BEGIN Supplied information
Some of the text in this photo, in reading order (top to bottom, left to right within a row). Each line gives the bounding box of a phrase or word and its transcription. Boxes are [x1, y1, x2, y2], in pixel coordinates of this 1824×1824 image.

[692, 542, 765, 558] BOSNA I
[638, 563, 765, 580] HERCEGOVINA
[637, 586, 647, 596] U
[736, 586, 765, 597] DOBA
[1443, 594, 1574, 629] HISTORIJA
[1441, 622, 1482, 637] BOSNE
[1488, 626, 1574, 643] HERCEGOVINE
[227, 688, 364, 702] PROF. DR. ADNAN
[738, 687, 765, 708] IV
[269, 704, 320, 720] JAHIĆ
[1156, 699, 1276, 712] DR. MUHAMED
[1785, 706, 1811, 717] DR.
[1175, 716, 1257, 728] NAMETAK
END Supplied information
Task requirements:
Extract every record and return it verbatim.

Exercise response:
Some of the text in this photo, in reading order (top to bottom, left to right within a row). Each line gives the bounding box of a phrase or word and its transcription. Boxes are [x1, y1, x2, y2], in pixel coordinates of this 1824×1824 image.

[692, 542, 765, 558] BOSNA I
[638, 563, 765, 580] HERCEGOVINA
[637, 586, 647, 596] U
[736, 586, 765, 597] DOBA
[1443, 594, 1574, 629] HISTORIJA
[1441, 622, 1482, 637] BOSNE
[1488, 626, 1574, 643] HERCEGOVINE
[227, 688, 364, 702] PROF. DR. ADNAN
[738, 687, 765, 708] IV
[269, 704, 320, 720] JAHIĆ
[1156, 699, 1276, 712] DR. MUHAMED
[1785, 706, 1811, 717] DR.
[1175, 716, 1257, 728] NAMETAK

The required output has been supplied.